I began to think her innocent, and lost some of the gloom which had

been oppressing me.



"You remember now?" said I.



"Oh, yes, I remember that."



Her manner so completely declared that her acknowledgments stopped

there, I saw it would be useless to venture further. If she were

innocent she could not tell more, if she were guilty she would not;

so, feeling that the inclination of my belief was in favor of the

former hypothesis, I again took her hand, and said:



"I see that you can give me no help. I am sorry, for the whole

happiness of a man, and perhaps that of a woman also, depends upon the

discovery as to who took the letter from out the Bible where I had

hidden it on that unfortunate morning." And, making her another low

bow, I was about to take my departure, when she grasped me impulsively

by the arm.



"What man?" she whispered; and in a lower tone still, "What woman?"



I turned and looked at her. "Great heaven!" thought I, "can such a

face hide a selfish and intriguing heart?" and in a flash I summoned

up in comparison before me the plain, honest, and reliable countenance

of Mrs. Couldock and that of the comely and unpretending Miss Dawes,

and knew not what to think.



"You do not mean yourself?" she continued, as she met my look of

distress.



"No," I returned; "happily for me my welfare is not bound up in the

honor of any woman." And leaving that shaft to work its way into her

heart, if that heart were vulnerable, I took my leave, more troubled

and less decided than when I entered.



For her manner had been absolutely that of a woman surprised by

insinuations she was too innocent to rate at their real importance.

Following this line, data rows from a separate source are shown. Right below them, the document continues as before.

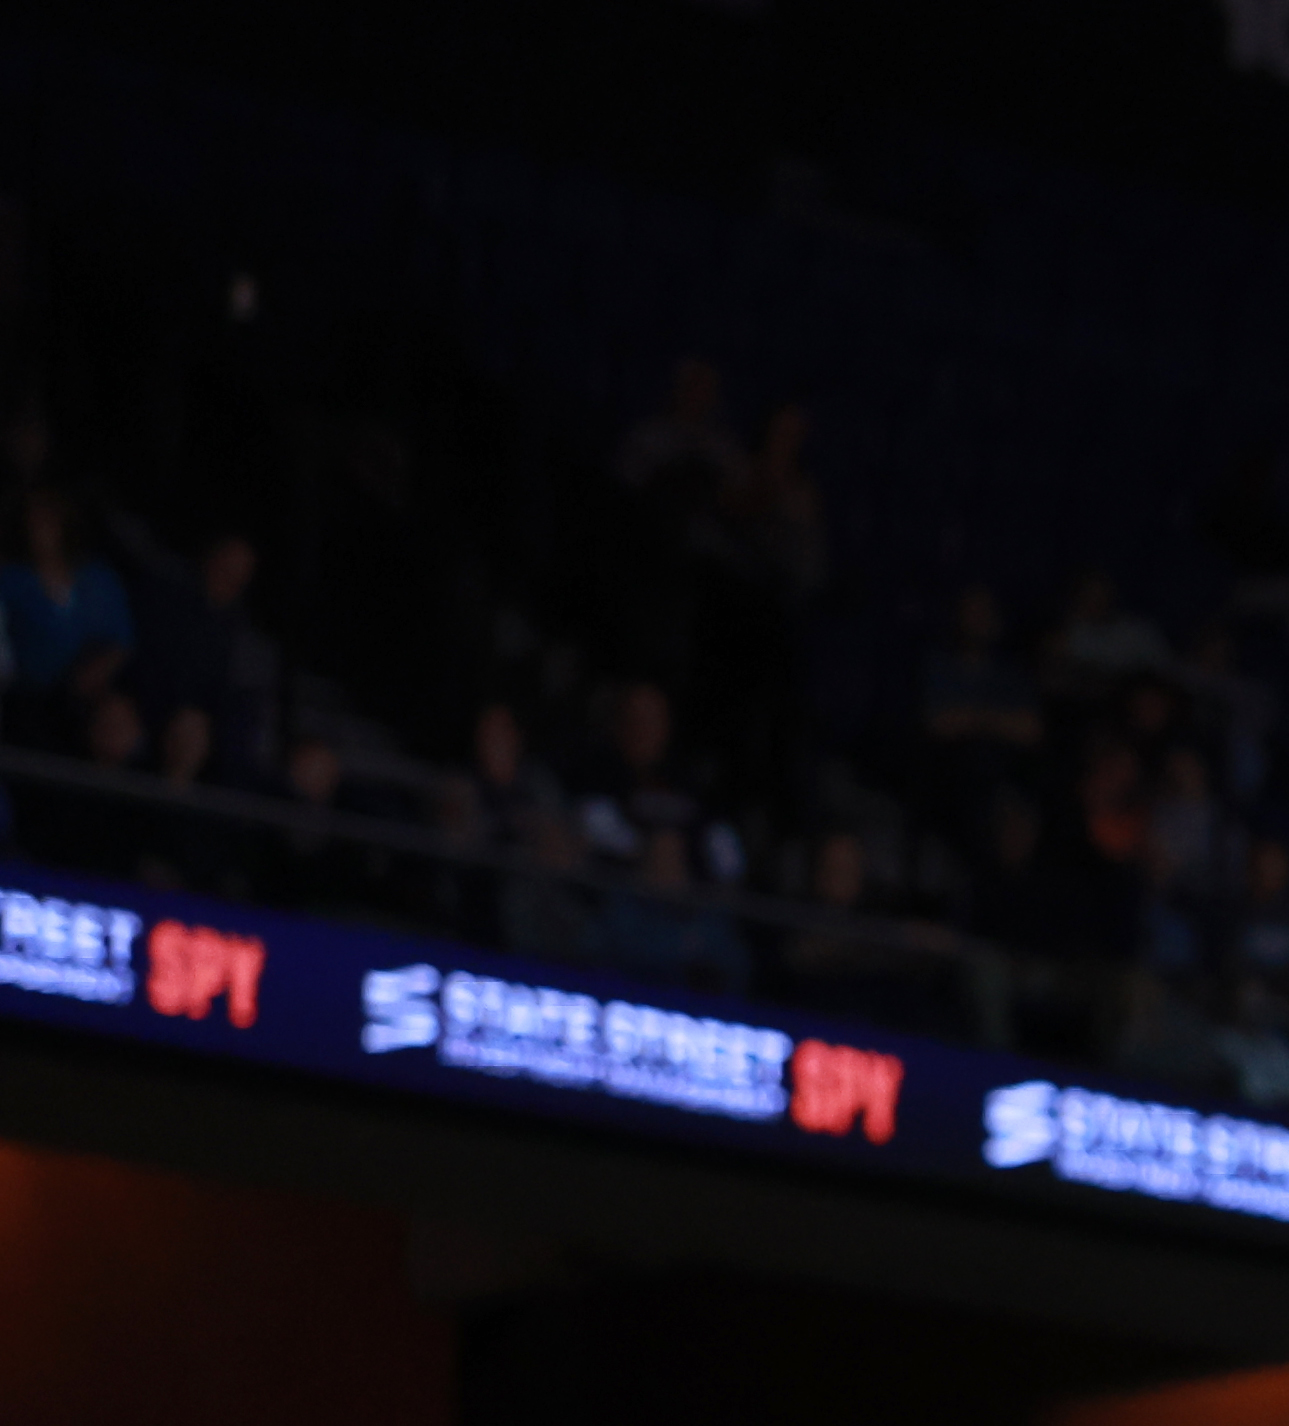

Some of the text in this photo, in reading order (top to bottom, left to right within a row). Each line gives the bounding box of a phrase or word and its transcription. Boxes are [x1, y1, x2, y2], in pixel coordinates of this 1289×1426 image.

[0, 888, 143, 966] REET
[147, 919, 267, 1029] SPY
[442, 970, 600, 1050] STATE
[602, 1000, 794, 1088] STREET
[790, 1037, 904, 1144] SPY

And yet, if she did not take away that letter, who did? Mrs. Couldock?

Impossible. Miss Dawes? The thought was untenable, even for an

instant. I waited in great depression of spirits for the call I knew

Taylor would not fail to make that evening.

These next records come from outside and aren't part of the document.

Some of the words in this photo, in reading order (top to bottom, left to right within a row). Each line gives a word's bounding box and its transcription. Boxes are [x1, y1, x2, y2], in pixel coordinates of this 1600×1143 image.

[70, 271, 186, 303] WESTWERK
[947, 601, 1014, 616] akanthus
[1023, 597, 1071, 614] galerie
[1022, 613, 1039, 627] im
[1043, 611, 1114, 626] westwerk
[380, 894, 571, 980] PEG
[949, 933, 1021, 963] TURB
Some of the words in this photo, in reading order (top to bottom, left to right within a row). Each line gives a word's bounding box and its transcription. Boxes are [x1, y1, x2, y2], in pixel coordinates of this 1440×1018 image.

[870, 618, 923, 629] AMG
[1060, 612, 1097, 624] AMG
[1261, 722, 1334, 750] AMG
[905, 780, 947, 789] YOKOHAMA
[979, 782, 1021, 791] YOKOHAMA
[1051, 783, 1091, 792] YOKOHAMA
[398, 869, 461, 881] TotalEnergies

When he came I saw what the result of my revelations was likely to be

as plainly as I see it now. He had conversed frankly with Mrs.

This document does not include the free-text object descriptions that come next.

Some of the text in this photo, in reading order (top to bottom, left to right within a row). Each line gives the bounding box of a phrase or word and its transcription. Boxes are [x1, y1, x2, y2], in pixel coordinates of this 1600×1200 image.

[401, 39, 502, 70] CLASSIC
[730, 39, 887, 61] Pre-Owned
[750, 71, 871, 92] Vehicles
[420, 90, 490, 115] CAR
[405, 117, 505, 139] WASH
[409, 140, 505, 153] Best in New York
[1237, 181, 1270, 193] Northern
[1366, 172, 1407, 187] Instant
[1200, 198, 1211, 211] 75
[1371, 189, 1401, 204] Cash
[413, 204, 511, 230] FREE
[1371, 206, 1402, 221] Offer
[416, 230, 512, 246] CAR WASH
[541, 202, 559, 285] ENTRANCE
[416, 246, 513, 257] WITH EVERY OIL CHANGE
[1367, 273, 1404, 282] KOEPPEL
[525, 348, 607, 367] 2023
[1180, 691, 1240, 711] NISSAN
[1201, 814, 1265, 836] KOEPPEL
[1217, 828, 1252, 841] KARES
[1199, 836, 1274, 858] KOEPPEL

Couldock and with Miss Dawes, and was perfectly convinced as to the

utter ignorance of them both in regard to the whole affair. In

consequence, Mrs. Walworth was guilty in his estimation, and being

held guilty could be no wife for him, much as he had loved her, and

urgent as may have been the cause for her act.



"But," said I, in some horror of the consequences of an interference

for which I was almost ready to blame myself now, "Mrs. Couldock and

Miss Dawes could have done no more than deny all knowledge of this

letter. Now Mrs. Walworth does that, and--"



"You have seen her? You have asked her--"





"Yes, I have seen her, and I have asked her, and not an eyelash

drooped as she affirmed a complete ignorance of the whole affair."



Taylor's head fell.



"I told you how that would be," he murmured at last. "I cannot feel

that it is any proof of her innocence. Or rather," he added, "I should

always have my doubts."



"And Mrs. Couldock and Miss Dawes?"



"Ah!" he cried, rising and turning away; "there is no question of

marriage between either of them and myself."



I was therefore not astonished when the week went by and no

announcement of his wedding appeared. But I was troubled and am

troubled still, for if mistakes are made in criminal courts, and the

innocent sometimes, through the sheer force of circumstantial

evidence, are made to suffer for the guilty, might it not be that in

this little question of morals Mrs. Walworth has been wronged, and

that when I played the part of arbitrator in her fate, I only

succeeded in separating two hearts whose right it was to be made

happy?



It is impossible to tell, nor is time likely to solve the riddle. Must

I then forever blame myself, or did I only do in this matter what any

honest man would have done in my place? Answer me, some one, for I do

not find my lonely bachelor life in any wise brightened by the doubt,

and would be grateful to any one who would relieve me of it.